In anterior executing an experiment the most of import things to make are, to mensurate the atmos-

pheric force per unit area, which would be added to the gage force per unit area to acquire an absolute force per unit area for both

capacitor and evaporator, and to equilibrate the two tips of the spring balance force, being applied

on the compressor. In failure to make these things would do a sufficient sum of mistake in the

concluding consequences.

In this experiment the capacitor force per unit area is being kept changeless i.e. 900KPa.

Step-1 Turn on the infrigidation works utilizing one of the control surfs, and puting the evaporator electromotive force i.e. 40 – 100 Vs, at the same clip equilibrating the two tips of compressor burden and put the capacitor force per unit area to 900KPa, utilizing rota-meter.

Step-2 Record the undermentioned values ; Evaporator Amps ( 1-2.42A ) , from wattmeter, compressor velocity utilizing tachometer, H2O and refrigerating flow rate utilizing flow metre.

Step-3 Record the spring balance force, reading straight from the graduated table.

The hot H2O is in the tubing is indicated by ruddy and cold H2O is indicated by bluish mark in the infrigidation works.

Step-4 The flow rate is controlled by a choking device ( valve ) , the little alterations in gap and shuting the valve, consequence the capacitor force per unit area.

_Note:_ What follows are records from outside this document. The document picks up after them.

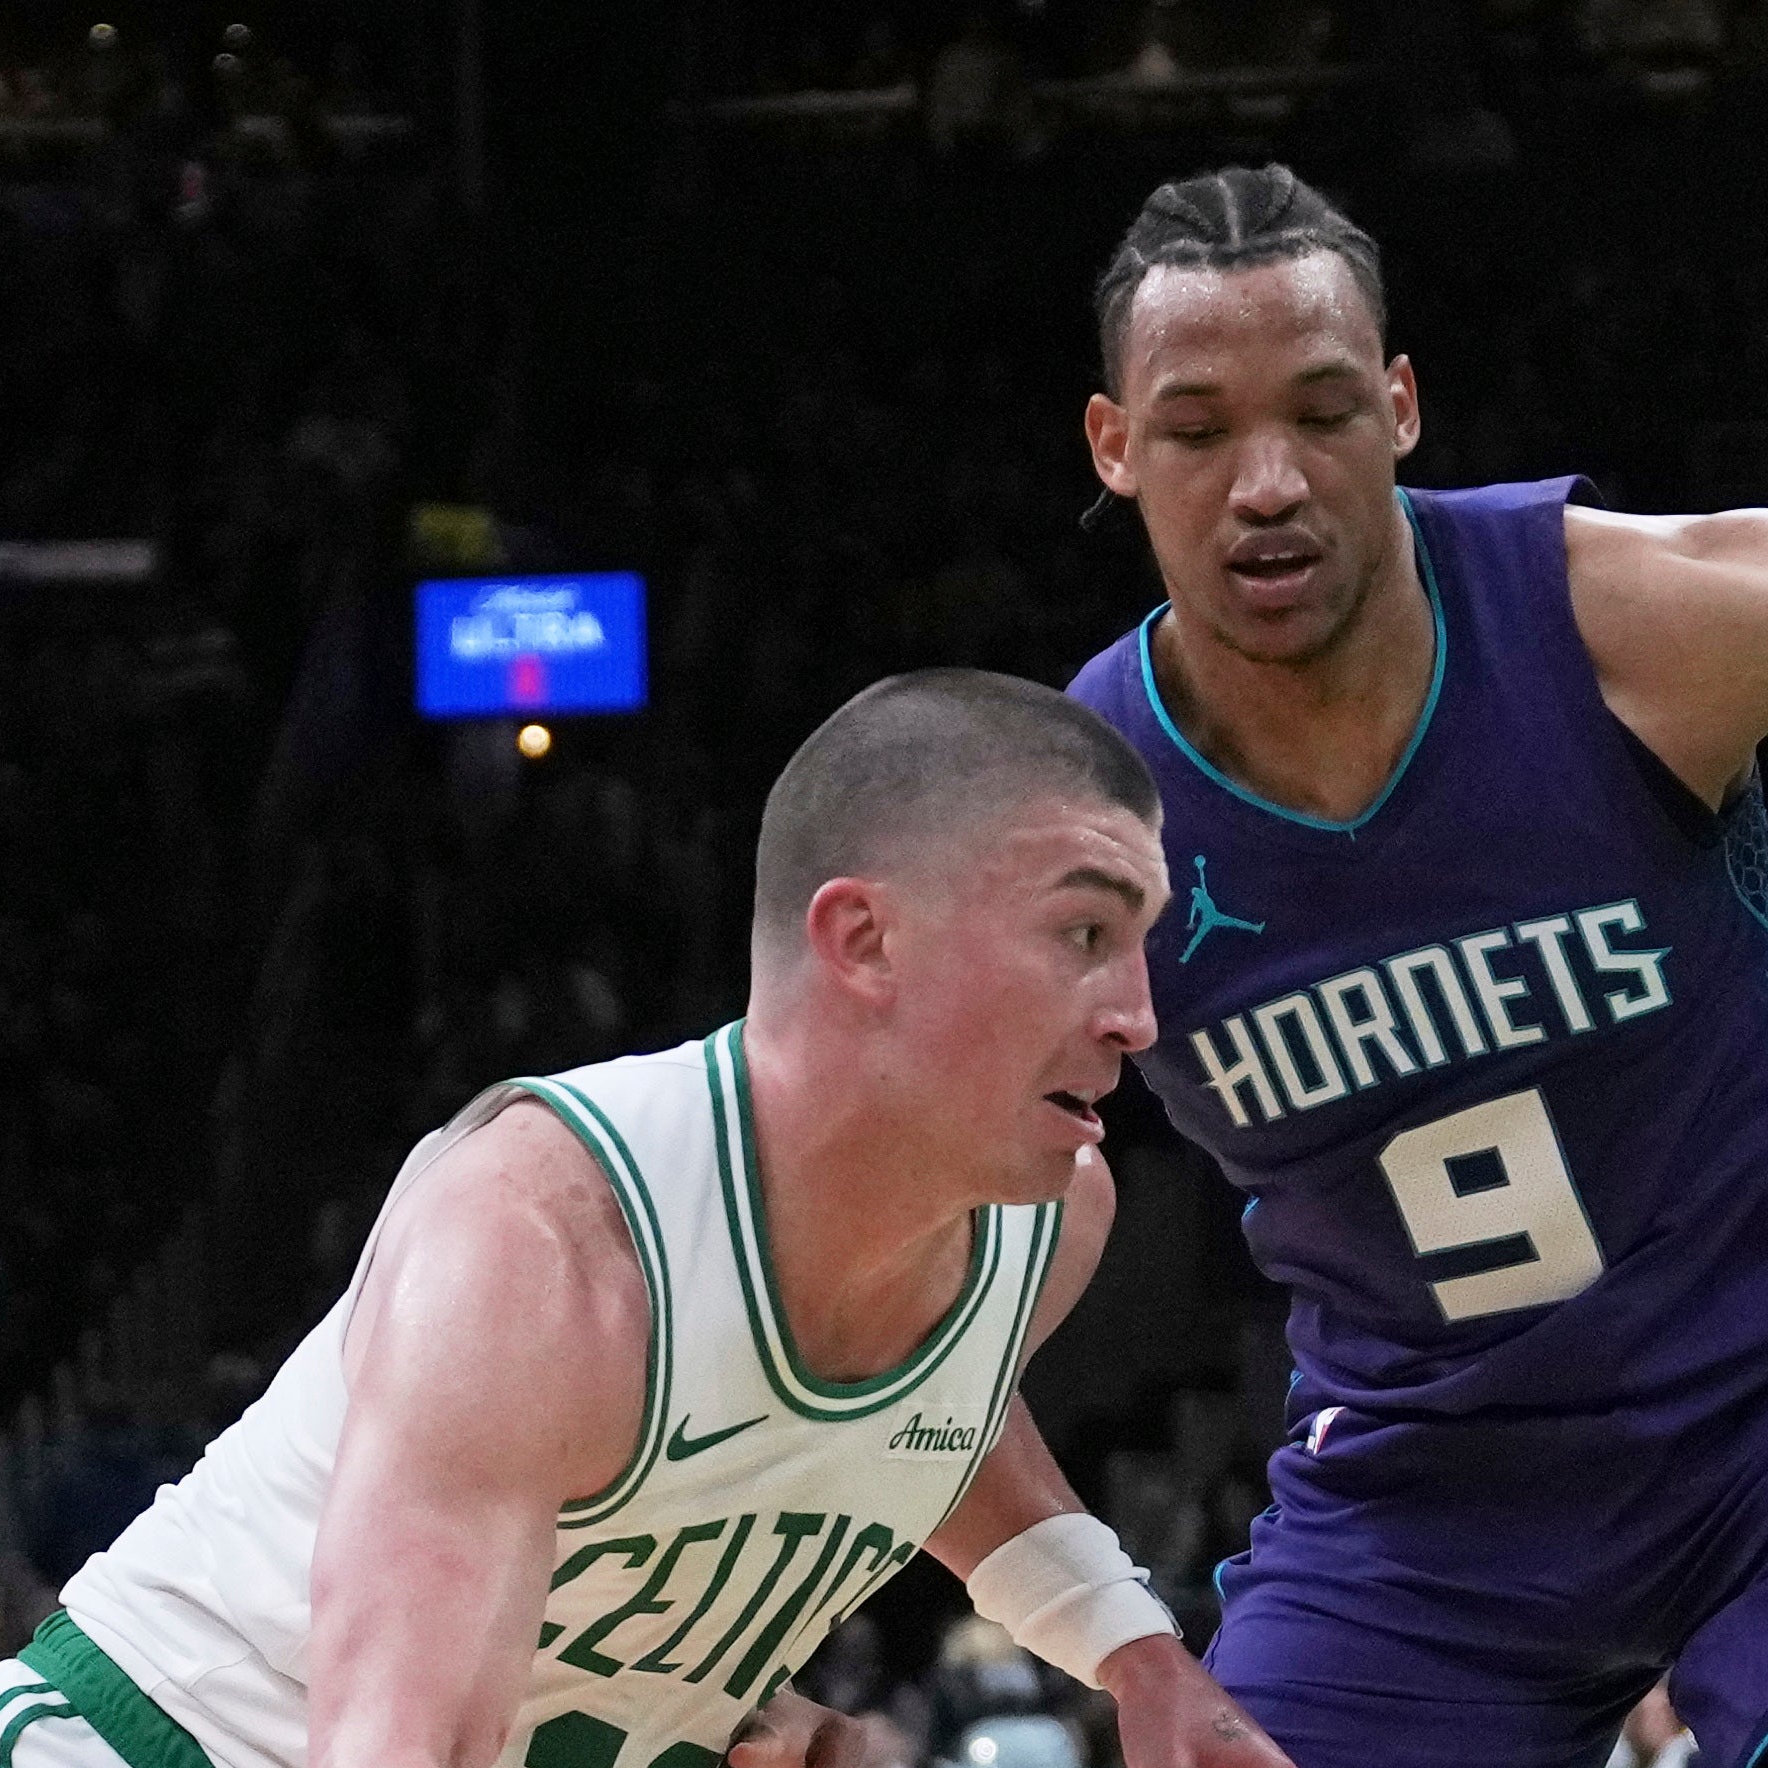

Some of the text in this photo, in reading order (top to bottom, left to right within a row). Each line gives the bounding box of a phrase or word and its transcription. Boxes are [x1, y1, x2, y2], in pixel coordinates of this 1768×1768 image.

[1190, 898, 1673, 1128] HORNETS
[1378, 1085, 1605, 1325] 9
[888, 1411, 976, 1452] Amica
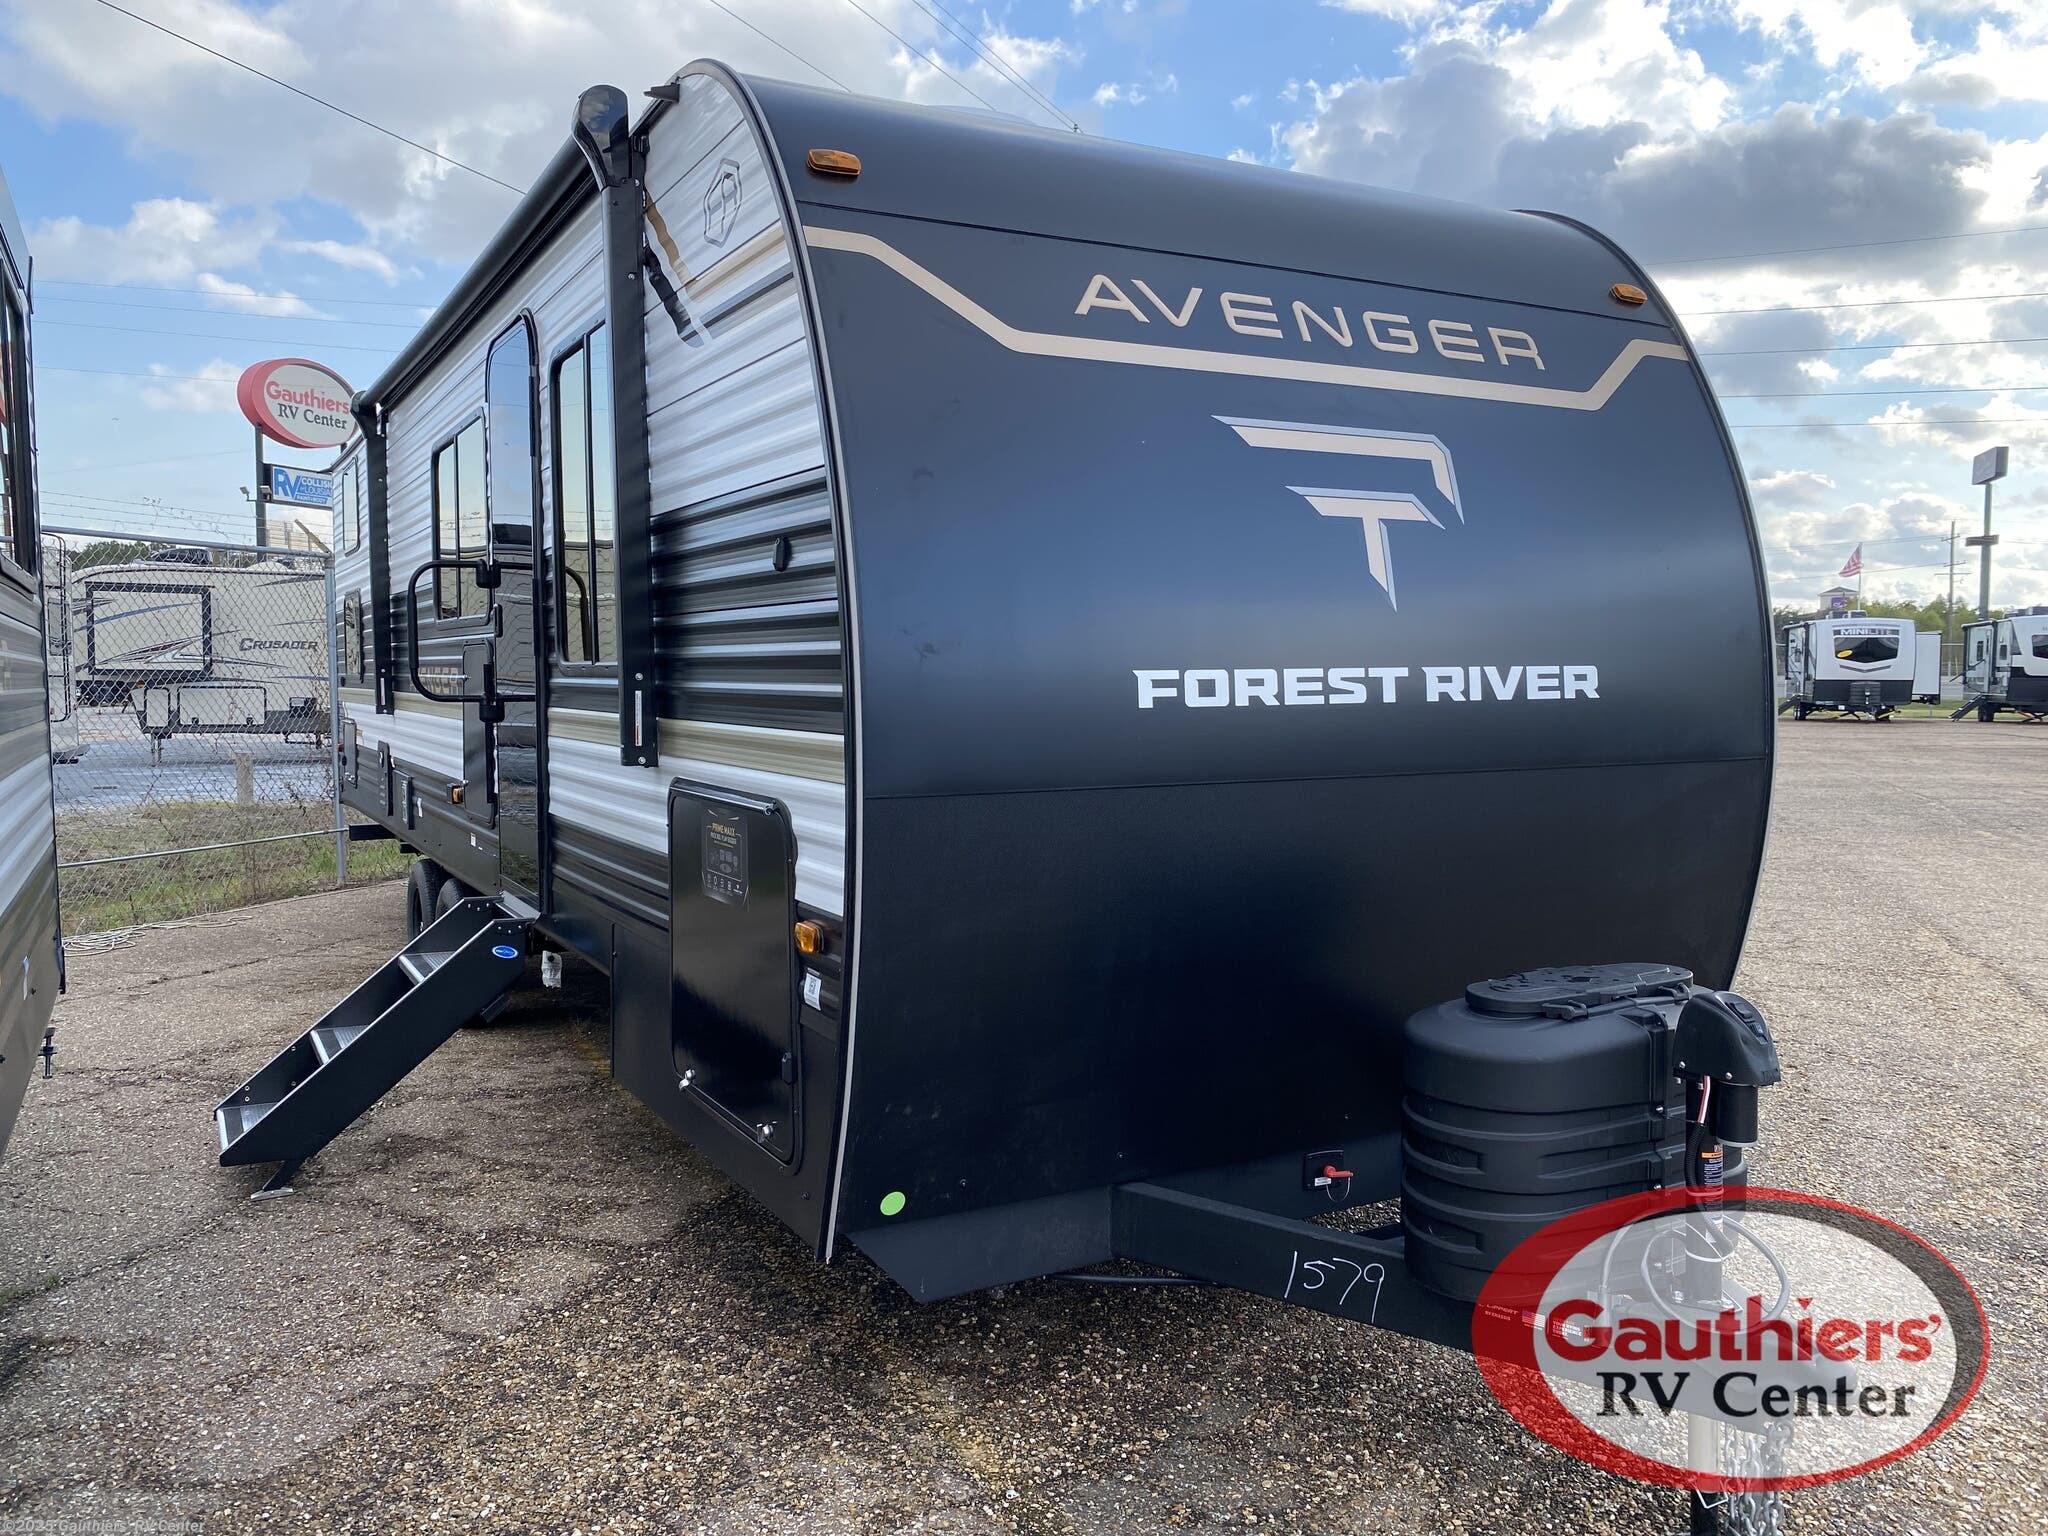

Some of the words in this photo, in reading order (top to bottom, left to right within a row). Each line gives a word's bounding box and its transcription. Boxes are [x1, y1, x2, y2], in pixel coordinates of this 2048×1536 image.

[1074, 274, 1546, 371] AVENGER
[277, 403, 300, 420] RV
[303, 409, 348, 430] Center
[273, 467, 301, 499] RV
[239, 637, 319, 652] CRUSADER
[1132, 667, 1409, 709] FOREST
[1420, 665, 1600, 702] RIVER
[1284, 1250, 1385, 1324] 1579

Step-5 The temperature values of the refrigerant at different phases in the whole rhythm at changeless force per unit area is given by temperature dialler. Now we had all the values we needed, now we changed evaporator Amps value, recorded remainder of the values as mentioned earlier and repeated the whole experiment for three to four times.

The Refrigeration Laboratory Unit has three controls. First a combined illumination circuit ledgeman and switch bends on both the compressor motor and the supply to the electrically heated evaporator. A combined variable country H2O flow metre and valve allow control of the capacitor force per unit area and a panel mounted electromotive force accountant allows control of the evaporator burden from zero to full power.

Refrigerant R12 vapor is drawn into the compressor from the evaporator mounted on the forepart

of the panel. Work is done on the gas in the compressor and its force per unit area and temperature are

raised. This hot, high force per unit area gas discharges from the compressor and flows into the panel

mounted H2O cooled capacitor, where heat is removed from it. This liquid so flows through

a thermostatic enlargement valve. Here it passes through a controlled opening, which allows its

force per unit area to fall from that of the capacitor to that of the evaporator. The refrigerant has a satu-

rated vapour stage at this point. The electromotive force across the warmer elements may be varied from nothing

to that of the brinies supply electromotive force by accommodation of a electromotive force accountant situated on the forepart

panel. Measurement of the power is carried out by a panel mounted digital wattmeter.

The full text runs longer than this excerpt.